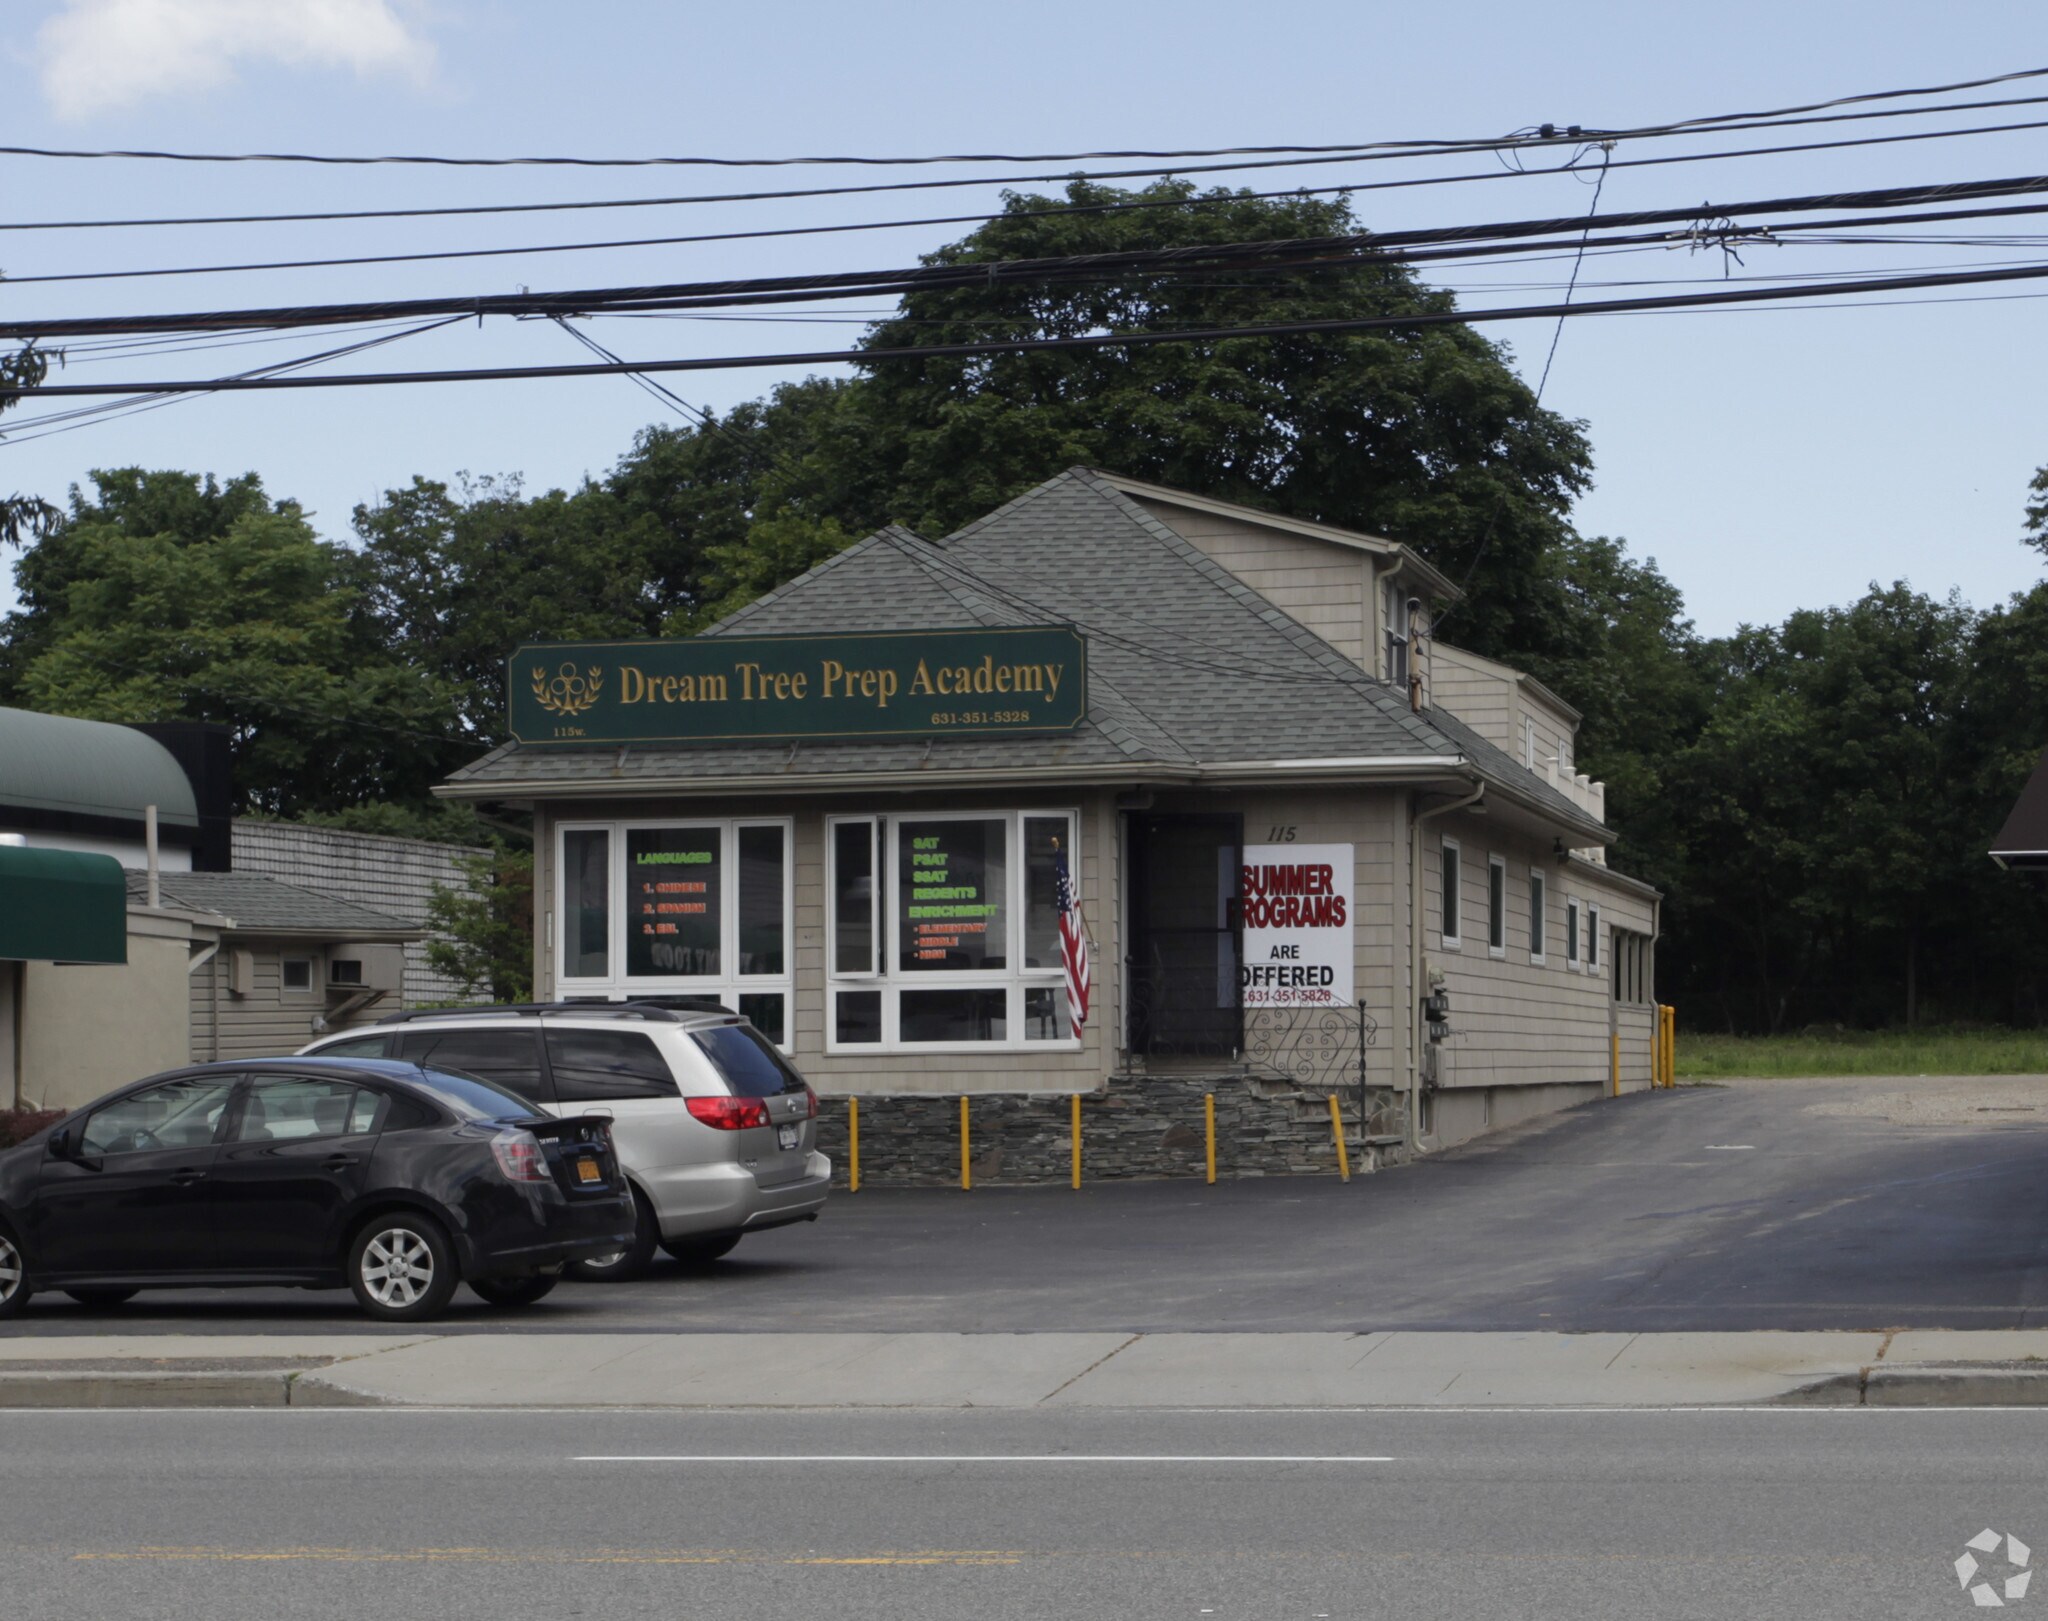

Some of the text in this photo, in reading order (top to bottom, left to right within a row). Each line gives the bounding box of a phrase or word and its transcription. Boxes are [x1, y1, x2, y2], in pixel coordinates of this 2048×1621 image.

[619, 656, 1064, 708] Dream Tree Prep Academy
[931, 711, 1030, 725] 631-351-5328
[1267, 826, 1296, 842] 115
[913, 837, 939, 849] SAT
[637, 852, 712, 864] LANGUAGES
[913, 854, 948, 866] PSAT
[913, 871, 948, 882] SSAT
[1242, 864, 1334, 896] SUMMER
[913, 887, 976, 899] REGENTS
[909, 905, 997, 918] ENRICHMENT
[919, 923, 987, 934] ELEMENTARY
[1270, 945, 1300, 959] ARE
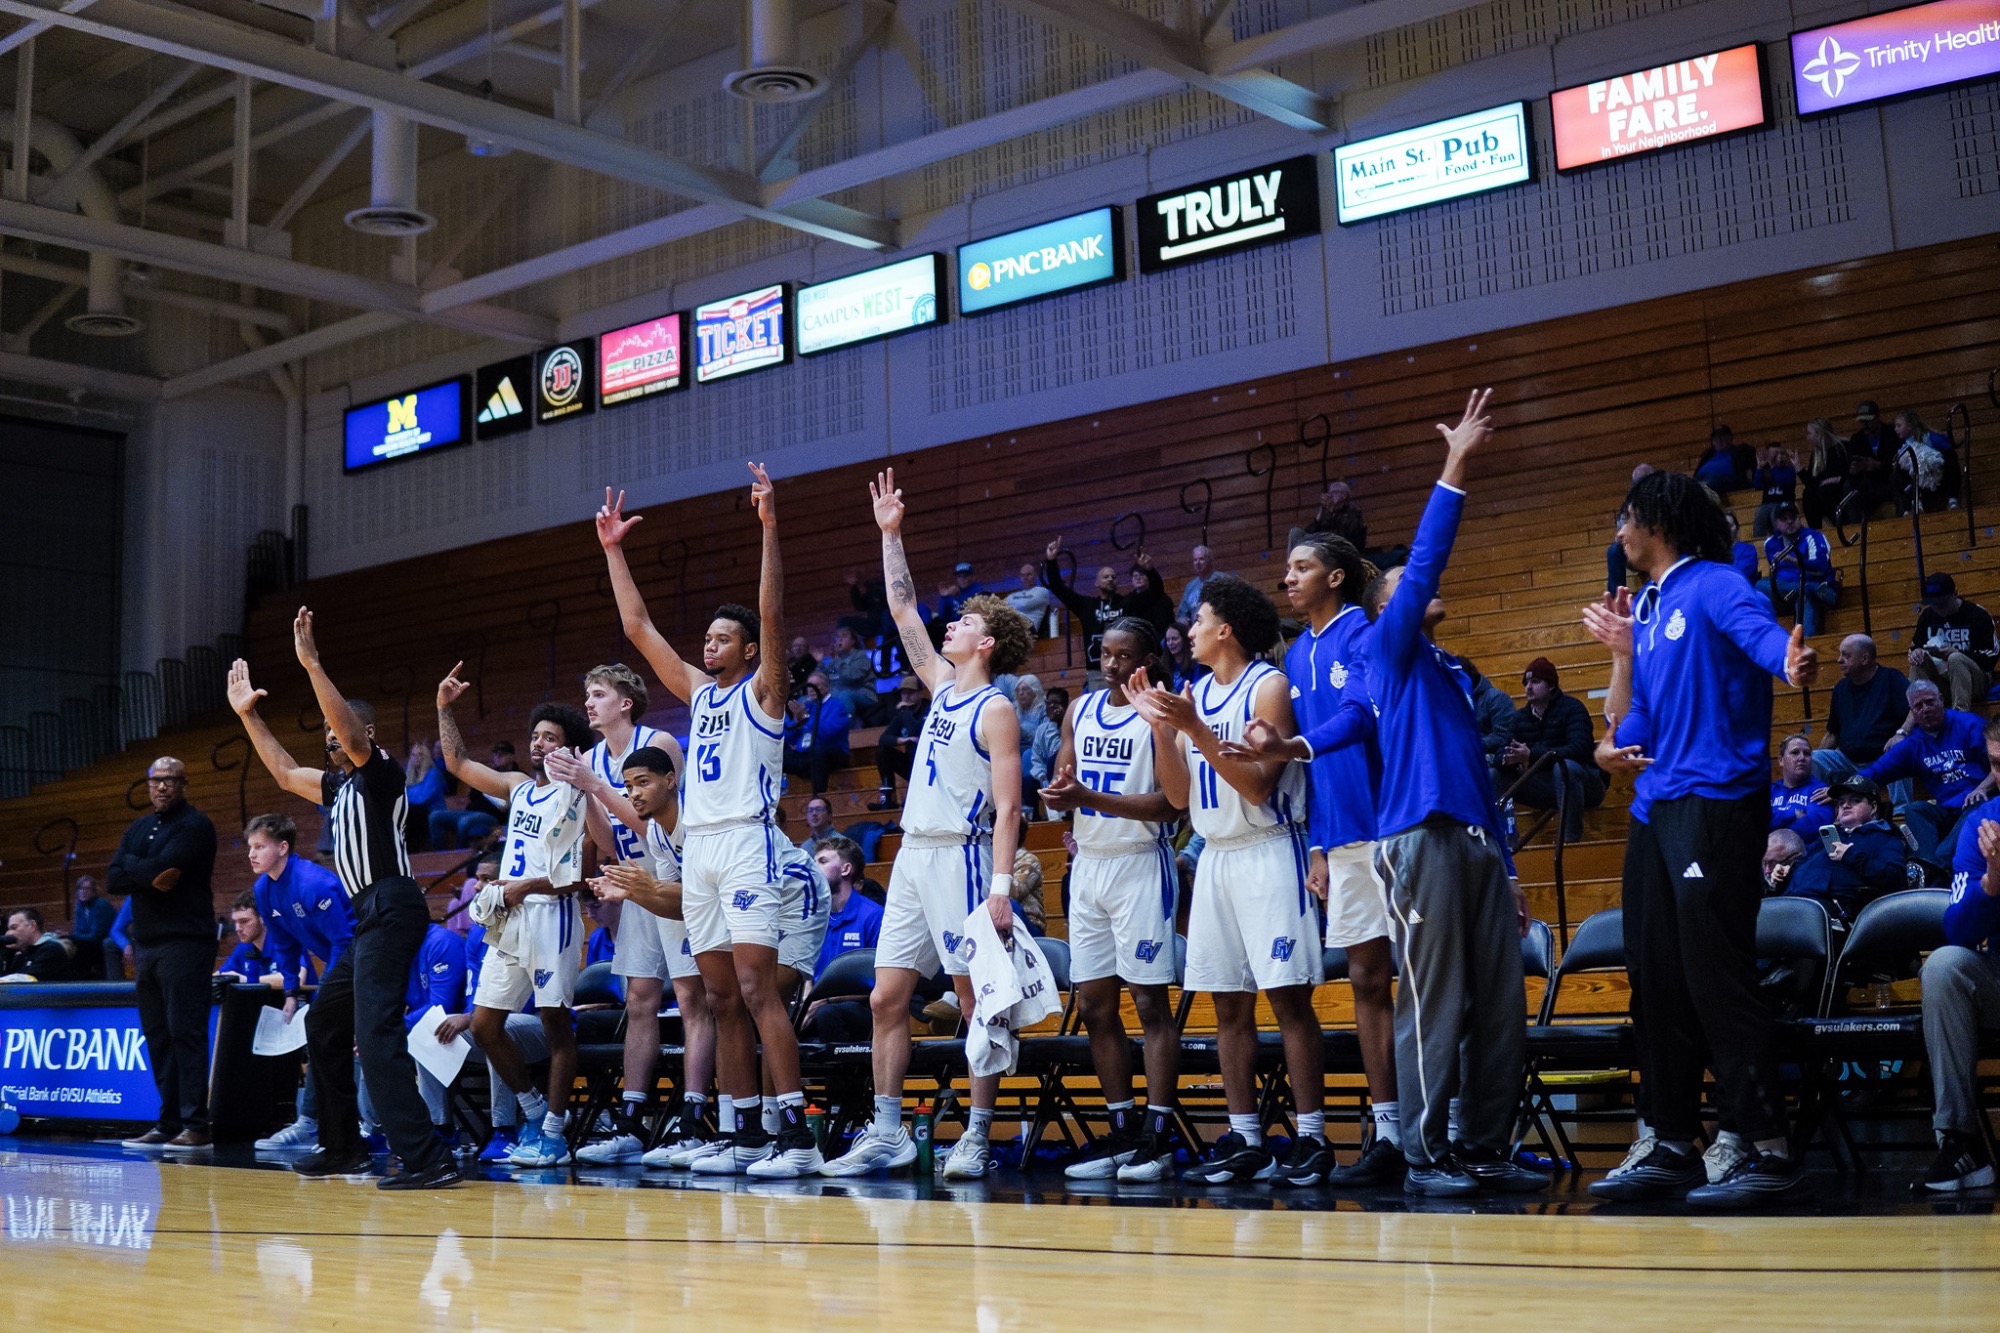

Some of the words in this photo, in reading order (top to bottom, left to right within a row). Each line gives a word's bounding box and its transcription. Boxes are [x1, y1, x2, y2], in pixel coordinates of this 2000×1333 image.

* ACTIVITY:
For each record above, write out its text exactly and skip any picture.

* WRITTEN REPLY:
Some of the text in this photo, in reading order (top to bottom, left to right within a row). Each line gives the bounding box of a phrase or word and its transcription. Boxes are [x1, y1, x2, y2], in pixel coordinates of this 2048×1621 image.

[619, 656, 1064, 708] Dream Tree Prep Academy
[931, 711, 1030, 725] 631-351-5328
[1267, 826, 1296, 842] 115
[913, 837, 939, 849] SAT
[637, 852, 712, 864] LANGUAGES
[913, 854, 948, 866] PSAT
[913, 871, 948, 882] SSAT
[1242, 864, 1334, 896] SUMMER
[913, 887, 976, 899] REGENTS
[909, 905, 997, 918] ENRICHMENT
[919, 923, 987, 934] ELEMENTARY
[1270, 945, 1300, 959] ARE

Some of the words in this photo, in reading order (top to bottom, left to right within a row). Each line gives a word's bounding box and its transcription. Boxes are [x1, y1, x2, y2], in pixel coordinates of this 2000×1333 image.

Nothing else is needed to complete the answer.